Mais tarde, o STF decidiu
manter decisão do Superior Tribunal de Justiça que anulou a operação Satiagraha
sob justificativa de que parte das provas contra Dantas havia sido obtida em
buscas ilegais. No auge da polêmica sobre a operação, Mendes disse que tinha
sido grampeado pelos agentes da investigação e chamou o então presidente Lula
"às falas". A existência do grampo, porém, nunca ficou comprovada.
A assessoria do banco
Opportunity enviou em 2015 nota à BBC Brasil em que questiona a lisura da
Operação Satiagraha e diz que o grupo "nunca lidou com recursos
públicos".
Progressista?
Apesar de tantas polêmicas, há
uma faceta de Mendes que agrada até mesmo petistas e a esquerda em geral. O
ministro costuma votar de forma dita progressista em "temas morais",
como drogas, casamento gay e aborto de fetos anencefálicos. Demonstra ainda
preocupação com as condições precárias dos presídios nacionais.
Seu voto em 2015 pela
descriminalização de todas as drogas - julgamento que foi suspenso por um
pedido de vista do ministro Teori Zavascki, morto em janeiro - foi festejado
entre grupos de defesa dos direitos humanos.
Um dos que elogiaram a decisão
foi Pedro Abramovay, diretor para a América Latina da Open Society Foundations.
Ex-secretário nacional de Justiça do governo Lula, ele considera positiva
também a forma como Mendes conduziu o Conselho Nacional de Justiça (CNJ) entre
2008 e 2010.
"Ele foi um ótimo
presidente do CNJ, superprogressista.
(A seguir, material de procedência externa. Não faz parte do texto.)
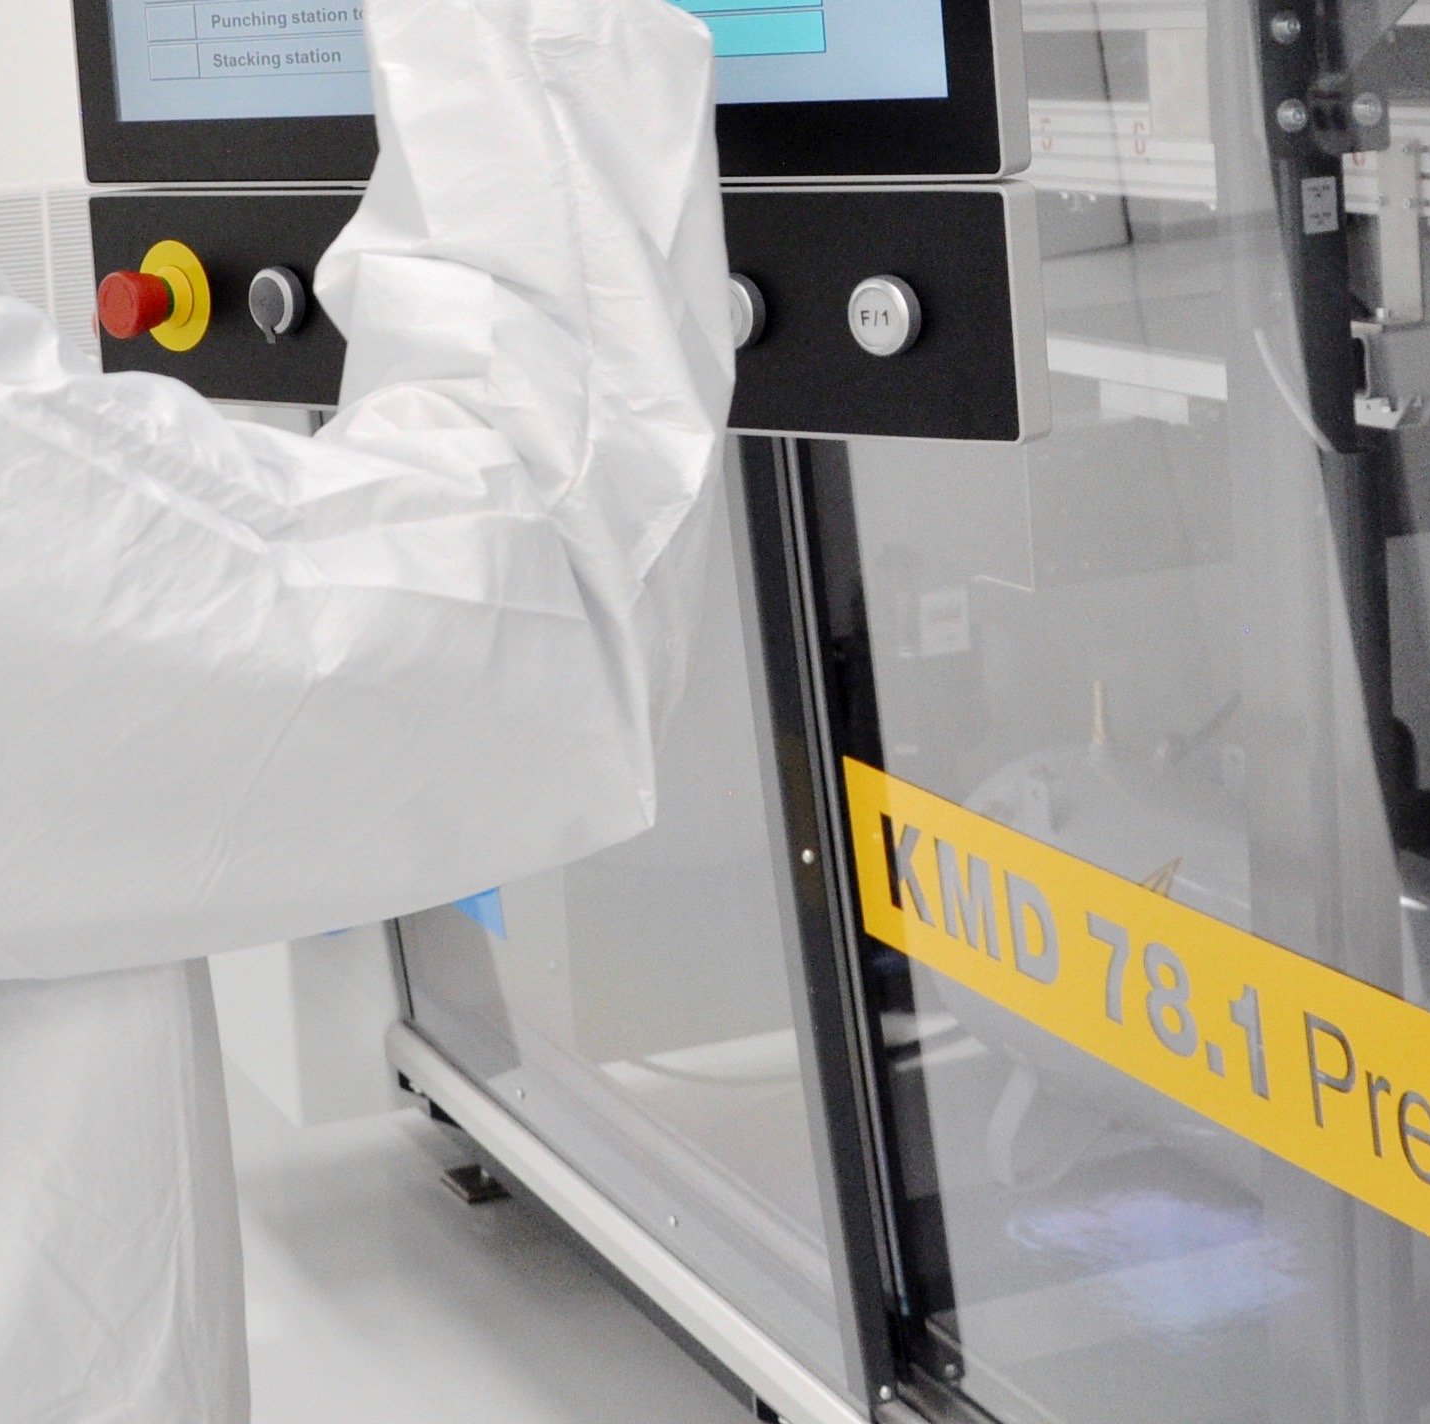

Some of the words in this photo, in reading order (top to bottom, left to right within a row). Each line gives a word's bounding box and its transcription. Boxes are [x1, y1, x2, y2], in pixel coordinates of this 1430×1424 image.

[211, 10, 287, 30] Punching
[291, 6, 348, 25] station
[213, 50, 282, 70] Stacking
[285, 47, 342, 66] station
[879, 812, 1061, 988] KMD
[1084, 909, 1273, 1103] 78.1
Foi talvez o primeiro a usar o CNJ como
espaço para discutir os presídios, fazer os mutirões (para soltar presos). Eu o
conheci nessa época, quando eu era secretário", contou Abramovay, que foi
também aluno de Mendes no doutorado da UNB.
"É um professor muito
atento, muito cuidadoso, que ouve o aluno. Não vai de terno e gravata na aula.
Parece outra figura, não é o ministro que está lá."
Por outro lado, nota
Abramovay, o alinhamento ideológico "com a centro-direita, com o
PSDB" se reflete em decisões mais favoráveis ao setor privado quando ele
julga questões econômicas. Em ações que discutem disputas de terras entre
grupos indígenas e fazendeiros, por exemplo, ele costuma ficar ao lado dos
produtores rurais.
O próprio Mendes vem de uma
família de fazendeiros da região de Diamantino, em Mato Grosso, onde sua
família é influente. Seu pai, Francisco Ferreira Mendes, foi prefeito da cidade
pela Arena, partido de sustentação da ditadura militar (1964-1985). Na mesma
sabatina realizada pelo jornal Folha de S. Paulo em 2009, o ministro também
rebateu as acusações de que isso influenciasse suas decisões.
Apesar de muitas vezes
discordar de Mendes, Abramovay não vê problema em sua proximidade com os
tucanos.
"Ele é historicamente
ligado ao PSDB, assim como outros ministros são historicamente ligados ao PT.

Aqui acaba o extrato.